• Exercise prompt
Set down exactly the lines below, from the one containing "this 2048×1366 image." through the final line, and include no others.

[[ Dataset content, beginning ]]

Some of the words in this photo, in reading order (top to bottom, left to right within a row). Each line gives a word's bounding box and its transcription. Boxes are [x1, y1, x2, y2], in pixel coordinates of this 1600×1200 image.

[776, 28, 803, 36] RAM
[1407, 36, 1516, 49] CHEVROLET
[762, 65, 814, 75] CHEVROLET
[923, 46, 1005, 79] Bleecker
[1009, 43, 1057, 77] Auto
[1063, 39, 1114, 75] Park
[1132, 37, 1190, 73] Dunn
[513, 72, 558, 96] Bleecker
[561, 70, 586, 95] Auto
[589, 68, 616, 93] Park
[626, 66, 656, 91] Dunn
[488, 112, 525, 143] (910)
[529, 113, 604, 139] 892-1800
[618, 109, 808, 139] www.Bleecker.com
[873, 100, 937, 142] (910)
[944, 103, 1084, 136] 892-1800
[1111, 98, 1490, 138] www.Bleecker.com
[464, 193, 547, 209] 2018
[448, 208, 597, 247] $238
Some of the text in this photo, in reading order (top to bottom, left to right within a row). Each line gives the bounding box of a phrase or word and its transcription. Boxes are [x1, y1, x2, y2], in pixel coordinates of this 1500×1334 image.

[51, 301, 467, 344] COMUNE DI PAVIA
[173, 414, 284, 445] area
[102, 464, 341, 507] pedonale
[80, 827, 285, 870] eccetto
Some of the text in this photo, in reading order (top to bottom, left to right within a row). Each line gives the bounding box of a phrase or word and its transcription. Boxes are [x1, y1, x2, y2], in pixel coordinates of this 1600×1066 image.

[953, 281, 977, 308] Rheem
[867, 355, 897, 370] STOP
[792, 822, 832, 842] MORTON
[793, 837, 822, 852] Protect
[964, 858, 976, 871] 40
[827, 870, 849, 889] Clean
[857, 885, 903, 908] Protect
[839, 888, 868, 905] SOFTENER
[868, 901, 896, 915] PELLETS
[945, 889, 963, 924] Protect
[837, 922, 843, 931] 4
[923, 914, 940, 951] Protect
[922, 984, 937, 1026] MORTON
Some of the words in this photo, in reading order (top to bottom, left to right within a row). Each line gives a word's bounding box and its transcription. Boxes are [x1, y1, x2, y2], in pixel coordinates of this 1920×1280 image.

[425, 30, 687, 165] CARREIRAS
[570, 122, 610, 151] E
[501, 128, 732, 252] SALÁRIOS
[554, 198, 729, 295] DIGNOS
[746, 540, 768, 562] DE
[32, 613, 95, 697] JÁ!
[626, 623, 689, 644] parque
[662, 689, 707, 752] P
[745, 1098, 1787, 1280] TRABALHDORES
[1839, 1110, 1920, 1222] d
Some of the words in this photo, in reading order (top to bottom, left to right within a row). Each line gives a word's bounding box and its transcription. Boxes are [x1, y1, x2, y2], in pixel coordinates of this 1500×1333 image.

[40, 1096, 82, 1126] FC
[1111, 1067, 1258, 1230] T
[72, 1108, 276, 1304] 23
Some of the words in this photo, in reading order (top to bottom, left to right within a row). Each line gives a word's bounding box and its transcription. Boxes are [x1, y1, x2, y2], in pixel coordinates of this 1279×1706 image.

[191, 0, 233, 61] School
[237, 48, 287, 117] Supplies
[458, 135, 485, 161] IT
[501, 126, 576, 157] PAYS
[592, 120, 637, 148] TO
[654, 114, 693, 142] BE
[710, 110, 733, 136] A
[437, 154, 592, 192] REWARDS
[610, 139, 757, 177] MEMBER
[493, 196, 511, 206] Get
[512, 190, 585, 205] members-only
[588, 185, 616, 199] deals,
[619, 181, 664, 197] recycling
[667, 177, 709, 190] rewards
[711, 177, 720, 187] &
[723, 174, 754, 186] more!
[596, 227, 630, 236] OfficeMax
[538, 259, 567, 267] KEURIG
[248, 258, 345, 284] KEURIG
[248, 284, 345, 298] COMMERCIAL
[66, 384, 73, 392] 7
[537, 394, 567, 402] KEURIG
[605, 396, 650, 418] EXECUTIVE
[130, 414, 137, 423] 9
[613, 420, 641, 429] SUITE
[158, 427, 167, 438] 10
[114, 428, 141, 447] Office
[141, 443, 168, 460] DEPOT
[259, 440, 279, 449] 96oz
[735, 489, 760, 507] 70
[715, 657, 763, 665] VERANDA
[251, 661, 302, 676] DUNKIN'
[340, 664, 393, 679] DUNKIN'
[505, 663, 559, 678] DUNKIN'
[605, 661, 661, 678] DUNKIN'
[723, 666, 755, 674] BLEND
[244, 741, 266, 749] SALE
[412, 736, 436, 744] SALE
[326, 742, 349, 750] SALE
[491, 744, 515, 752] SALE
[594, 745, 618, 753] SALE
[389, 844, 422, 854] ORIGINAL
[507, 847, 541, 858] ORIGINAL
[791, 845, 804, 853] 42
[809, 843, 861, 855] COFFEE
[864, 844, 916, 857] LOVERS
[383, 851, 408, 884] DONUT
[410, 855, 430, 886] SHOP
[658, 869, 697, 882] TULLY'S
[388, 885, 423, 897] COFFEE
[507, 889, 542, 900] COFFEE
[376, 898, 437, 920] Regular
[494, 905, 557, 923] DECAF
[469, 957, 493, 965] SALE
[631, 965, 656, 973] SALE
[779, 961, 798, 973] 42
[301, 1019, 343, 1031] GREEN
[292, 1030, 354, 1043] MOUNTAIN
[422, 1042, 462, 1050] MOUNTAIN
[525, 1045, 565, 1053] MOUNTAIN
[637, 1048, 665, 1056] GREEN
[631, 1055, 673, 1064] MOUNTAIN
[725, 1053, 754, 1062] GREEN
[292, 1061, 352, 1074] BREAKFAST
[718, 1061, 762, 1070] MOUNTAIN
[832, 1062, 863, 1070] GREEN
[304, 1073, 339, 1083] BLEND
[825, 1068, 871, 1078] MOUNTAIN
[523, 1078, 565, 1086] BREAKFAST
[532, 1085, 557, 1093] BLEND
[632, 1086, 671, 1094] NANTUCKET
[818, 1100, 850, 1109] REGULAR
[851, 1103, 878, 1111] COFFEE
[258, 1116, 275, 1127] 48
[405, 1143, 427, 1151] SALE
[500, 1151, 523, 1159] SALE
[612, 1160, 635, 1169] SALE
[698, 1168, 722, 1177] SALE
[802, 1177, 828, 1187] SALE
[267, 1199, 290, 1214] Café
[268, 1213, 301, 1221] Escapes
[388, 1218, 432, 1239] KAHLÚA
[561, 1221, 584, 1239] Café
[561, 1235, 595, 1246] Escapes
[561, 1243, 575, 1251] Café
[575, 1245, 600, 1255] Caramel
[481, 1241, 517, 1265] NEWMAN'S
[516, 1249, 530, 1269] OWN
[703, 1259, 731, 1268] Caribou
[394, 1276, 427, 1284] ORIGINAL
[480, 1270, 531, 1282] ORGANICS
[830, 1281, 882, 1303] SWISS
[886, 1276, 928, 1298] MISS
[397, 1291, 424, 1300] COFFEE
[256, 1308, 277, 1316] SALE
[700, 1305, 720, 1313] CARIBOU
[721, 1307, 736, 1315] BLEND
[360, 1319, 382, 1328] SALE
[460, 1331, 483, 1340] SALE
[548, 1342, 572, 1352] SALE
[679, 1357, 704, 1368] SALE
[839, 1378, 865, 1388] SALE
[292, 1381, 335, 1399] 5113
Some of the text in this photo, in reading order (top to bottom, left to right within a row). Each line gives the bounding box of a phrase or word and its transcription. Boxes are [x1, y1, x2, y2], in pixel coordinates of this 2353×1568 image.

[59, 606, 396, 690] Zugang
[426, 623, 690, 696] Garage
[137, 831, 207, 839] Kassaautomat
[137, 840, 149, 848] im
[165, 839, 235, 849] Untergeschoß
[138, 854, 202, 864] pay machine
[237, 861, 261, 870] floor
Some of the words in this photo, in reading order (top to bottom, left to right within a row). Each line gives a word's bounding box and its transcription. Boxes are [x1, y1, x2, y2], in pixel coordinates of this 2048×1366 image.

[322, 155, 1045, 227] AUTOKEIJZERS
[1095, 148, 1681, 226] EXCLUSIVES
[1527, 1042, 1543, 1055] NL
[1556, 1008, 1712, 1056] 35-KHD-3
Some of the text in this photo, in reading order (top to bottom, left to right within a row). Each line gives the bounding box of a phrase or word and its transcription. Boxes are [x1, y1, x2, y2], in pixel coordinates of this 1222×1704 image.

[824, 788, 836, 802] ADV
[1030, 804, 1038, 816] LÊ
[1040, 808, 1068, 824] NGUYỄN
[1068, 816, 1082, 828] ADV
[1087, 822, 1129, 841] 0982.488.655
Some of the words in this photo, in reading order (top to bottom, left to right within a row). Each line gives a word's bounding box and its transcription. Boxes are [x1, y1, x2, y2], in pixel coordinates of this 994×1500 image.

[[ Dataset content, end ]]

• Exercise response
Some of the words in this photo, in reading order (top to bottom, left to right within a row). Each line gives a word's bounding box and its transcription. Boxes are [x1, y1, x2, y2], in pixel coordinates of this 2048×1366 image.

[322, 155, 1045, 227] AUTOKEIJZERS
[1095, 148, 1681, 226] EXCLUSIVES
[1527, 1042, 1543, 1055] NL
[1556, 1008, 1712, 1056] 35-KHD-3
Some of the text in this photo, in reading order (top to bottom, left to right within a row). Each line gives the bounding box of a phrase or word and its transcription. Boxes are [x1, y1, x2, y2], in pixel coordinates of this 1222×1704 image.

[824, 788, 836, 802] ADV
[1030, 804, 1038, 816] LÊ
[1040, 808, 1068, 824] NGUYỄN
[1068, 816, 1082, 828] ADV
[1087, 822, 1129, 841] 0982.488.655
Some of the words in this photo, in reading order (top to bottom, left to right within a row). Each line gives a word's bounding box and its transcription. Boxes are [x1, y1, x2, y2], in pixel coordinates of this 994×1500 image.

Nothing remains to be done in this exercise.